Starr has made some big changes in her life and relationships over the last year and a half, the period during which she wrote most of the songs on "The Sound of You and Me." After seven years in Los Angeles, with its glitzy neon image and traffic jams and loneliness, she moved to Nashville in the summer of 2005. Originally from Hernando, Miss., she's a lot closer to home and to her "best friend," collaborator and guitarist Neilson Hubbard, who co-produced the CD with Brad Jones.
"My experience in this business has been do things to please other people," she said. "I am not making an album that will be thrown against the wall to see it if sticks for radio. It was made because it's beautiful and intense and sad and lonely and that's how I feel a lot of the time. I wanted to make a record that is true to my life."
Starr's musical story starts back in Memphis in the mid 1990s. An only child, her parents still live in Hernando, and other family is scattered around Mississippi. She did a couple of self-financed recordings and worked to establish herself on the lively and important Memphis music scene.
But Los Angeles was calling. In her early 20s, she was signed to Geffen, which released 1997's "Eighteen Over Me" which included the radio-friendly hit "Superhero," a song that her fans still want to hear today. "There was a fantasy attached to the big city," she said. "When I was living in Memphis, I didn't really know who I was, and I needed to spread my wings a bit," she said. "I was able to explore myself more freely in L.A. - it provided the haven I needed to look deeper into myself without judgment."
With a label deal, Starr was assured of being the next big thing. But Geffen was absorbed into Interscope and Starr didn't fit in. So she walked, not only from the label, but from music altogether, virtually vanishing from the industry radar.
"At 20, 21, I was emotionally immature," she said. " I didn't know what I wanted, I didn't know what it was all about. I started believing (the industry promises of fame) were true. I set myself up for disappointment.
" But the journey was just beginning. In 2003, she re-emerged with a new CD, "Songs From Take-off to Landing," and reached deeper with her 2004 Vanguard debut, "Airstreams and Satellites." Still, she remained in Los Angeles. "I did love living there for a time, but it seemed so far away from everything, literally and figuratively. I got involved with someone in New York, and I needed a change."
And so Starr headed for Nashville and began to record "The Sound of You and Me," which details her romantic relationships and attempts at keeping love alive, even when the coals are flickering out. "There are transitions through three different people," she said.

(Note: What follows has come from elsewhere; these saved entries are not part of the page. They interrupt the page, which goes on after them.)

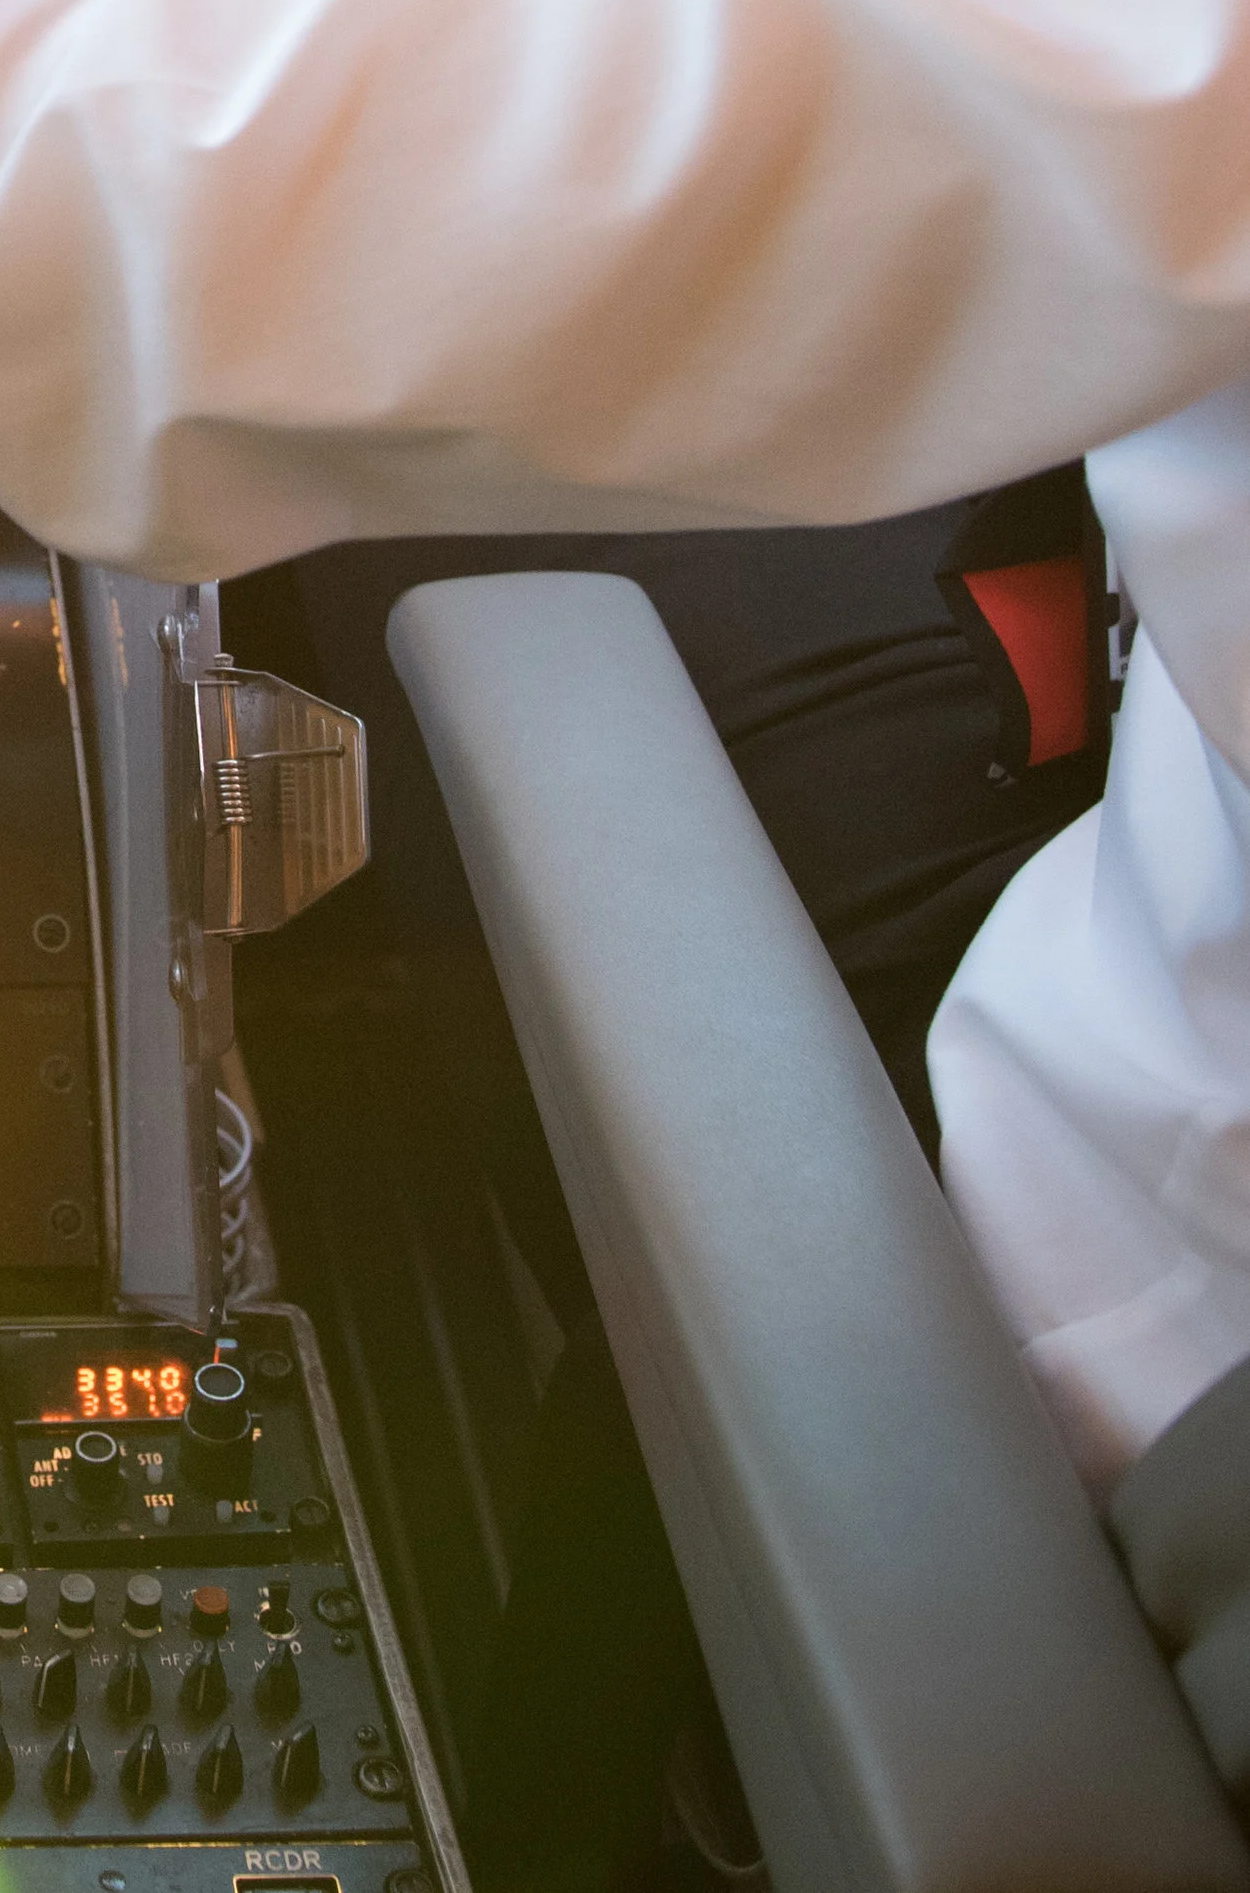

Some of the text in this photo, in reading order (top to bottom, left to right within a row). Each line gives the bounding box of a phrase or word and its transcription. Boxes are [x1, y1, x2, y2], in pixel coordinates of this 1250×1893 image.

[53, 1446, 72, 1459] AD
[137, 1452, 163, 1466] STO
[34, 1459, 59, 1473] ANT
[30, 1475, 55, 1487] OFF
[144, 1494, 175, 1507] TEST
[234, 1500, 259, 1513] ACT
[193, 1640, 236, 1653] OLY
[245, 1850, 323, 1872] RCDR
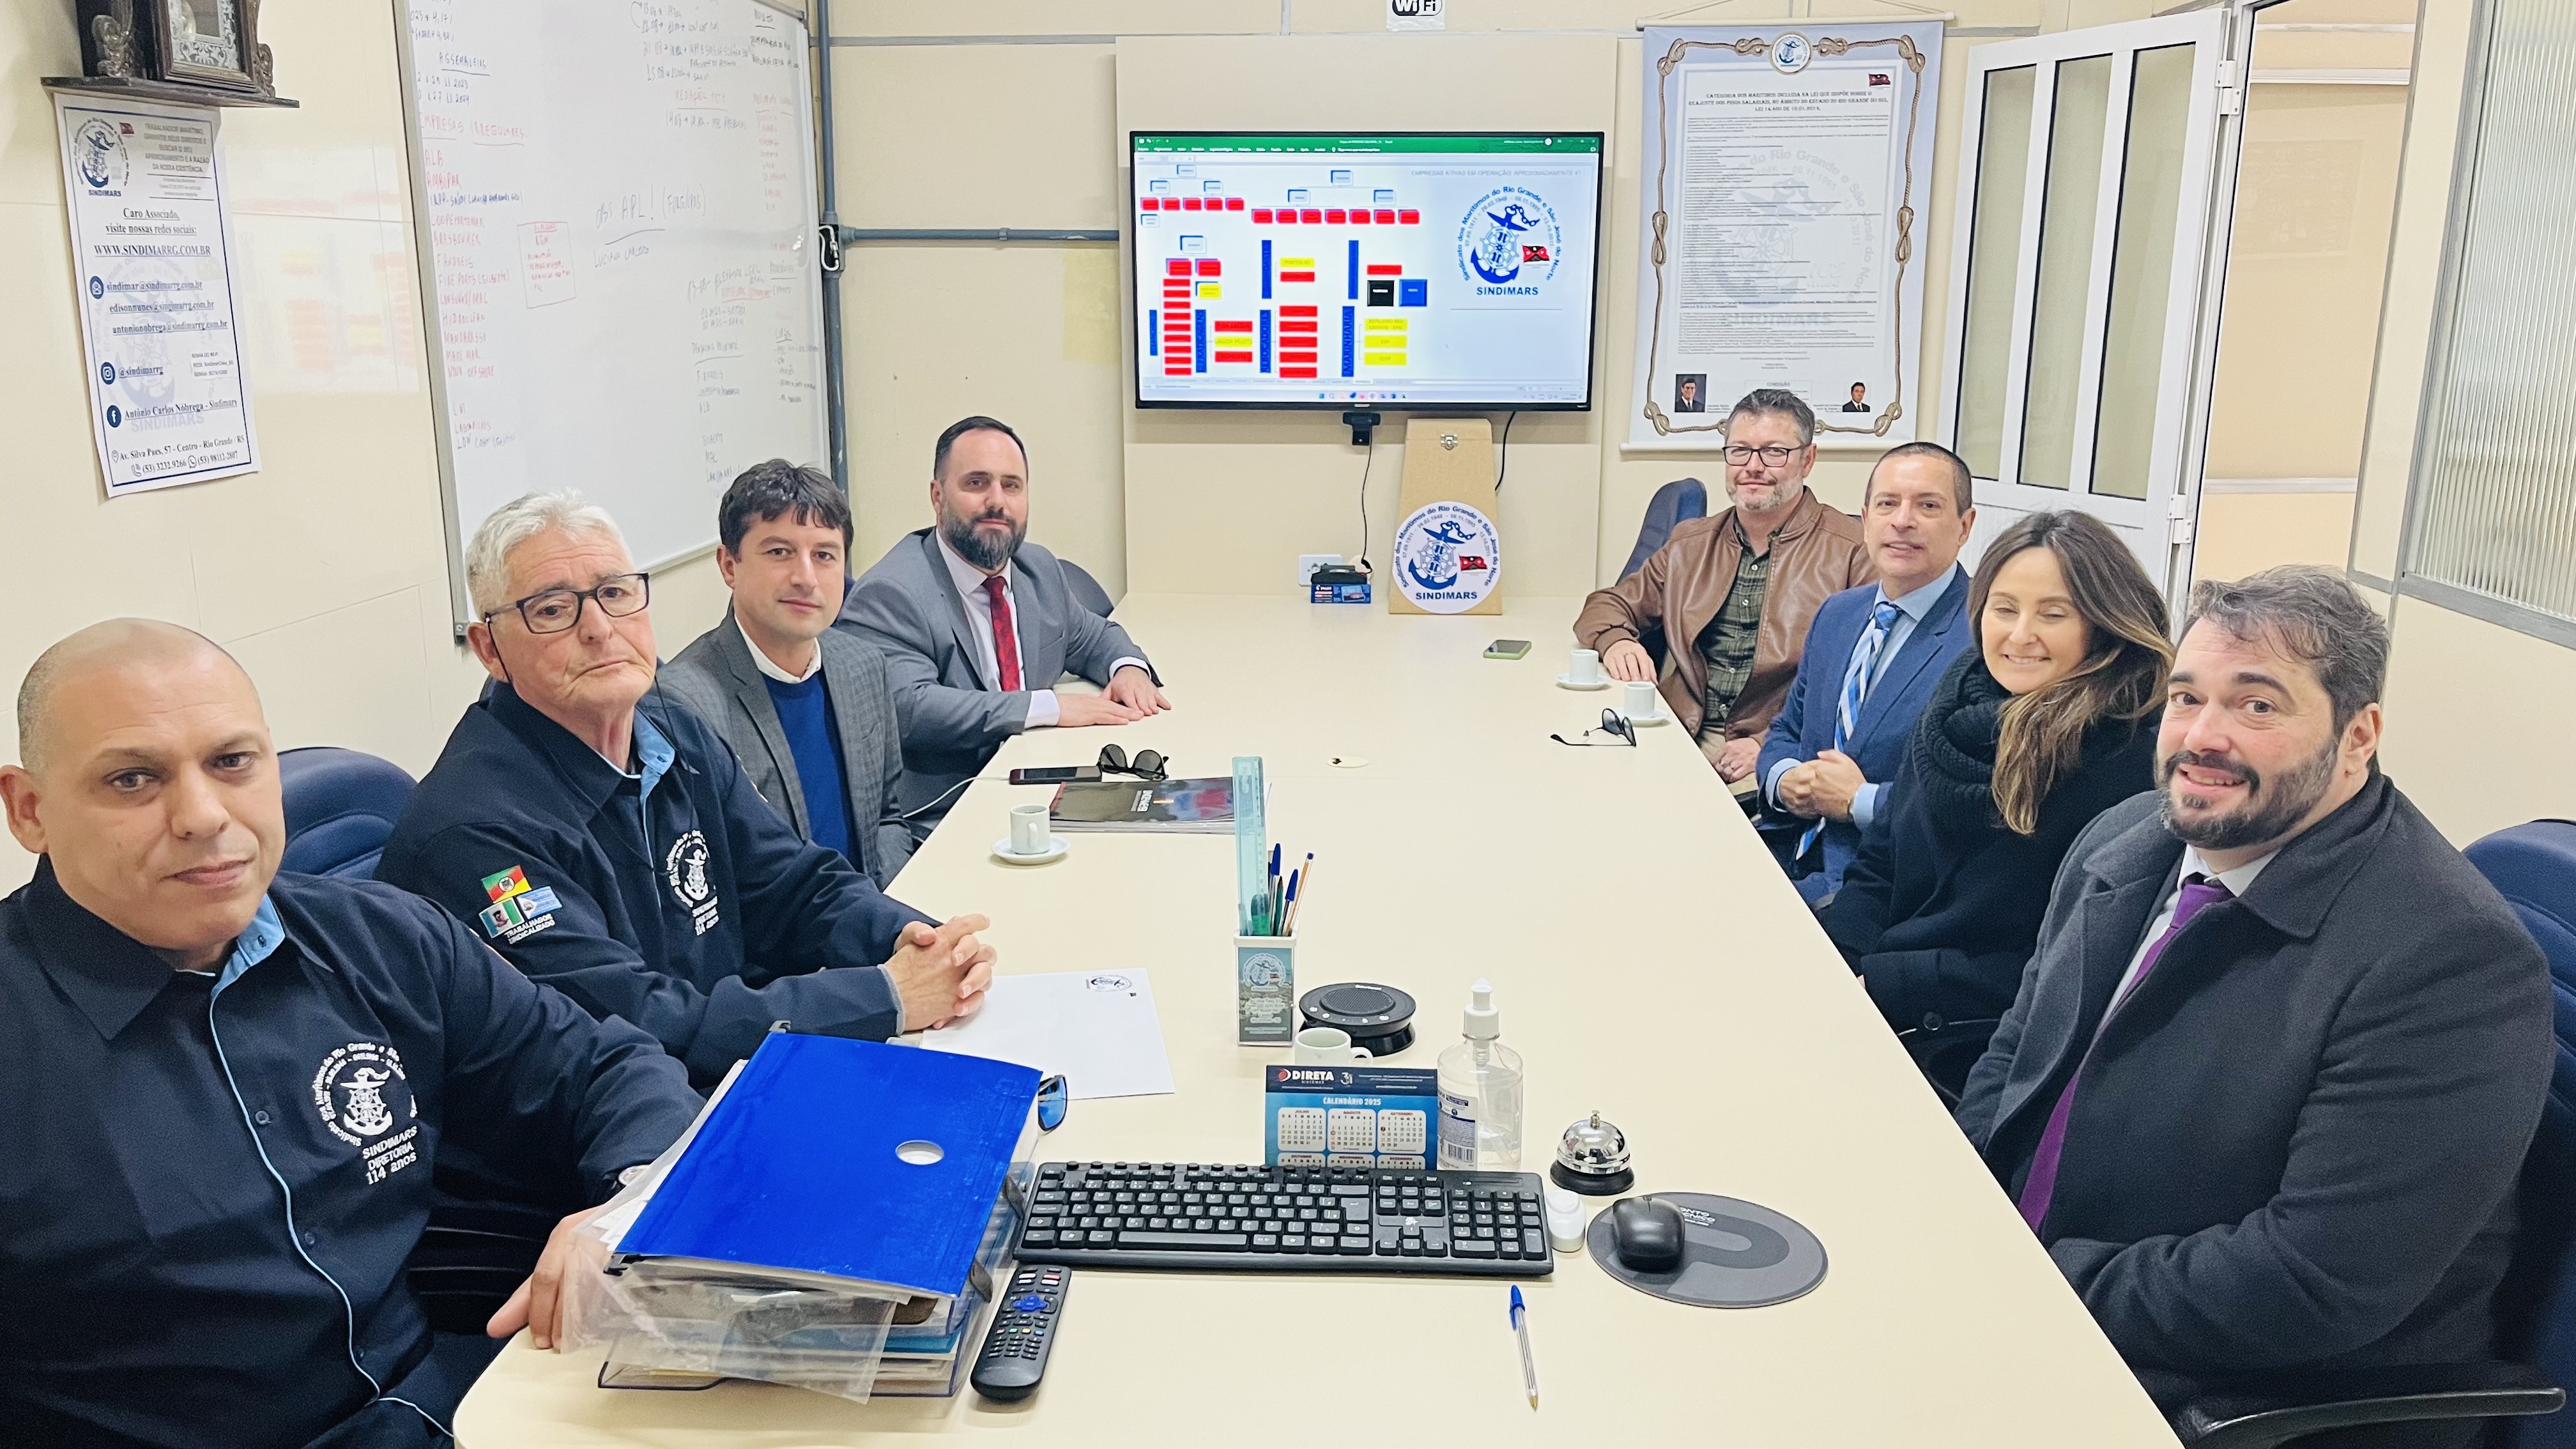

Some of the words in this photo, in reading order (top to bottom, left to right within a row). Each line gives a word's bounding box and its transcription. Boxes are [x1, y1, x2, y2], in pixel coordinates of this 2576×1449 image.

[1770, 149, 1791, 162] Rio
[1796, 150, 1841, 176] Grande
[1517, 187, 1542, 203] Grande
[123, 208, 143, 218] Caro
[1547, 208, 1556, 223] São
[105, 223, 126, 233] visite
[155, 224, 172, 234] redes
[173, 224, 197, 234] sociais:
[93, 245, 211, 256] WWW.SINDIMARRG.COM.BR
[1555, 247, 1561, 257] do
[1545, 259, 1560, 281] Norte
[1476, 287, 1539, 296] SINDIMARS
[1343, 310, 1352, 373] MARINHARIA
[118, 366, 164, 378] @sindimarrg
[152, 404, 174, 415] Carlos
[131, 450, 146, 459] Silva
[164, 445, 172, 454] 57
[177, 443, 198, 452] Centro
[214, 438, 233, 447] Grande
[237, 435, 245, 443] RS
[197, 456, 210, 466] (53)
[142, 464, 155, 474] (53)
[1452, 506, 1477, 519] Grande
[1482, 523, 1492, 537] São
[1492, 556, 1499, 565] do
[1484, 567, 1498, 586] Norte
[1415, 592, 1478, 600] SINDIMARS
[503, 913, 554, 939] TRABALHADOR
[348, 1042, 376, 1052] Grande
[331, 1048, 346, 1058] Rio
[1292, 1070, 1335, 1081] DIRETA
[1322, 1096, 1363, 1105] CALENDÁRIO
[1364, 1098, 1382, 1106] 2025
[328, 1121, 362, 1147] Sindicato
[362, 1126, 417, 1160] SINDIMARS
[367, 1141, 415, 1172] DIRETORIA
[365, 1167, 387, 1185] 114
[390, 1152, 417, 1173] anos
[1680, 1207, 1710, 1216] ONTO
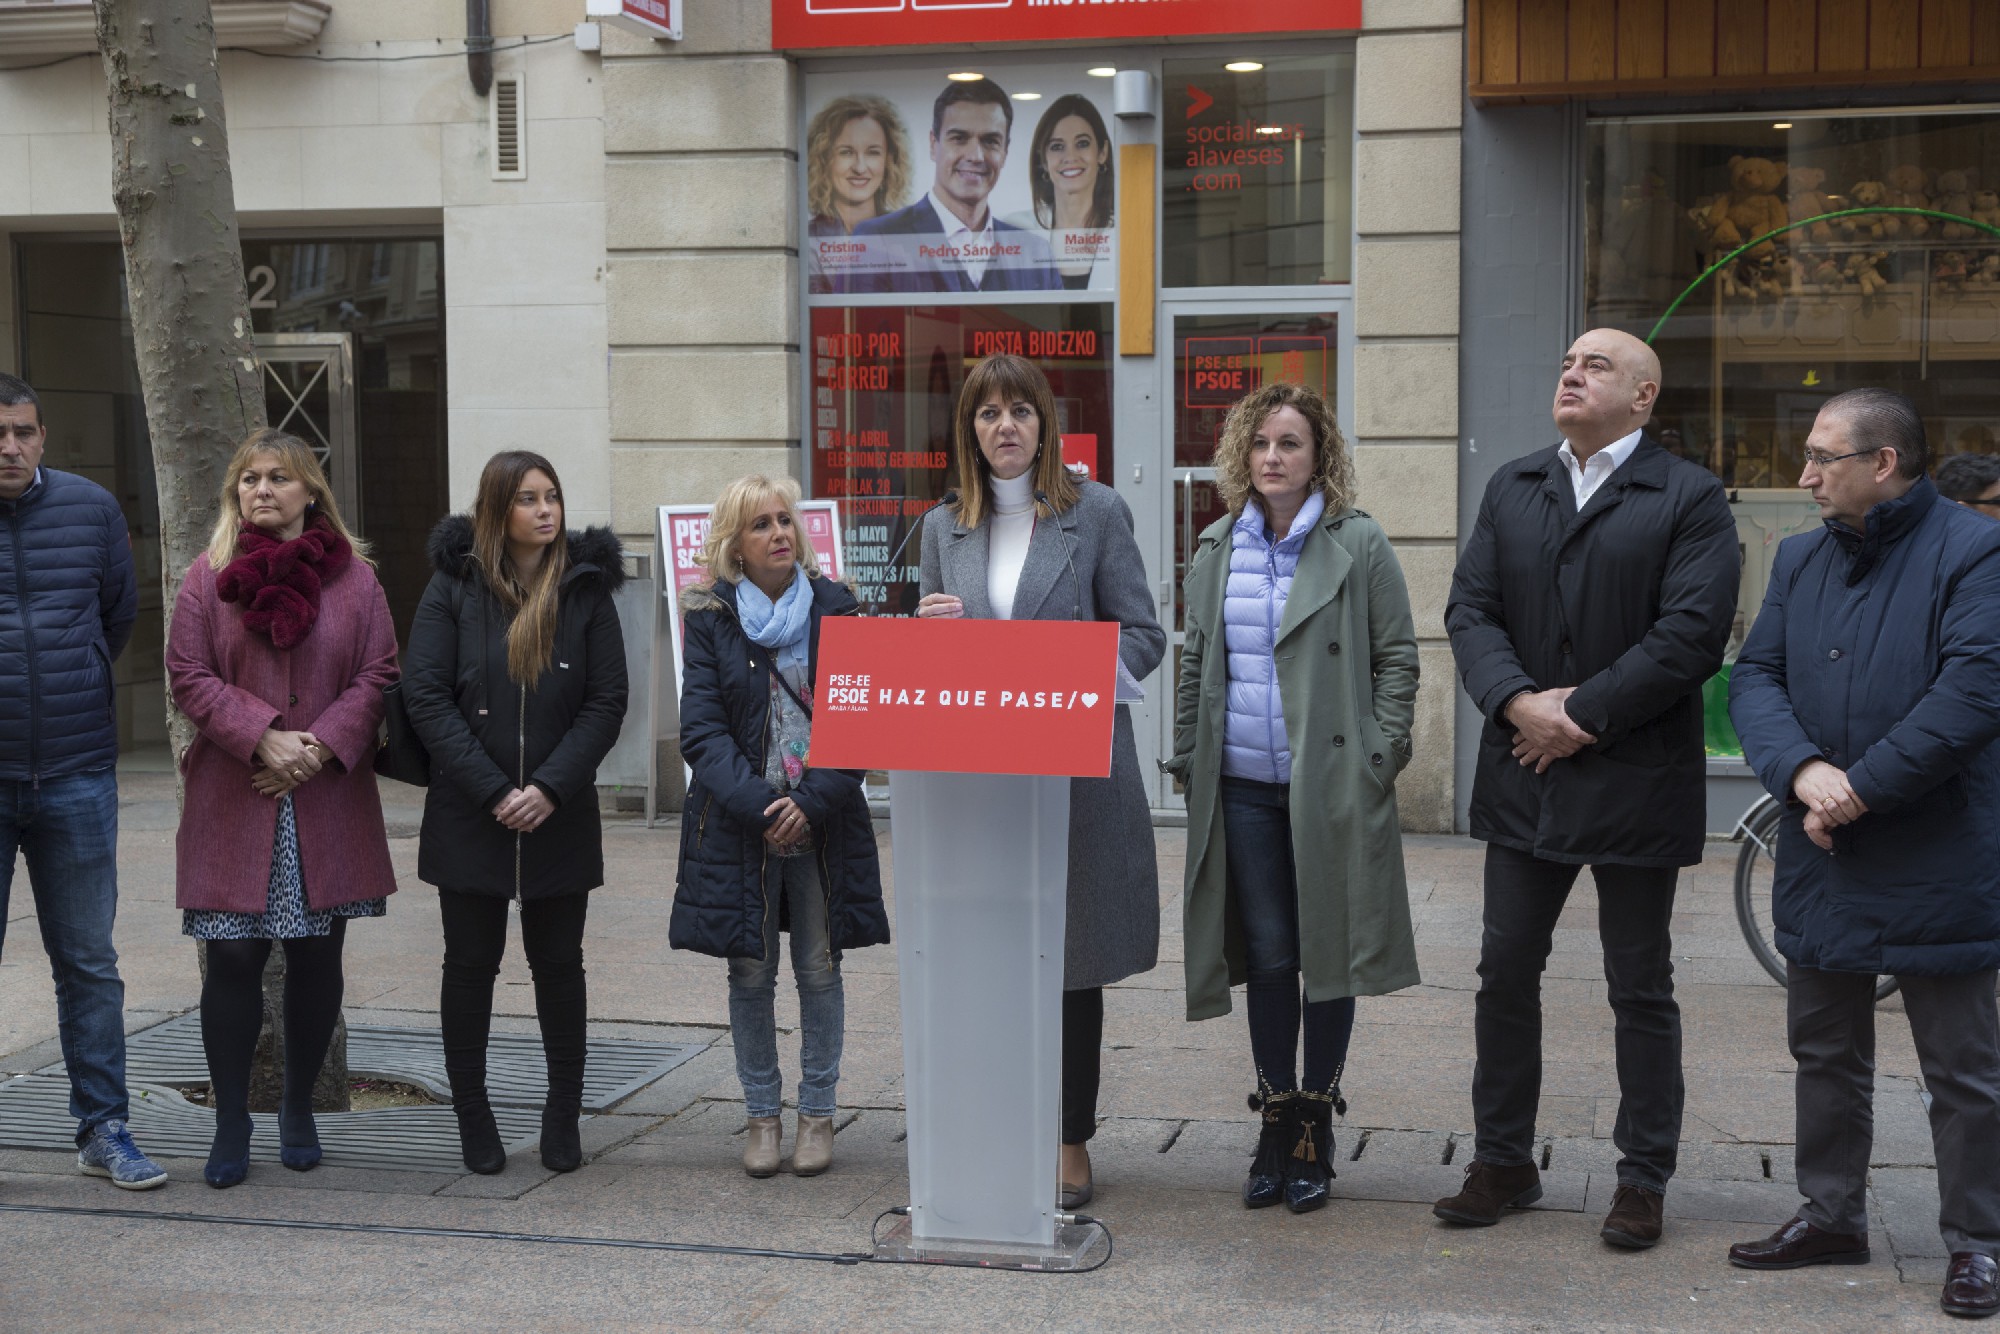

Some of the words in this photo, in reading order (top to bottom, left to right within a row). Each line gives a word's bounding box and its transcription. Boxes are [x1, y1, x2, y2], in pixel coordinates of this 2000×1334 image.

Beyond the lyrics, Starr goes into some new territory musically.
"I think it is more organic than anything I have done," she said. "I wanted to do this album with a more stripped down approach. That is something that hasn't been captured in my career.
" Some tracks, such as "Beautiful in Los Angeles," are based in her well-established rock sound of the past. The song isn't so much about the city, but a personal relationship left behind, she said. Others are more roots-based such as "Sing it Like a Victim," which includes piano accompaniment for the first time. On "No Man's Land," she longs for "someone to hold my hand." And then there's "Big Enough," which began life as a rocker, before morphing into a softer version on the CD, with a finish of Beatle-like strings.
Starr would rather be known and respected as a songwriter more than just another pop or folk performer. "I want a career that's more like Bonnie Raitt's" than whatever act is flickering away on MTV or pouring out of the nearest rock radio station, she said.
"I want to write really good songs and go out there and sing those songs," she said. "I don't always feel comfortable. But I know my heart and I know my truth".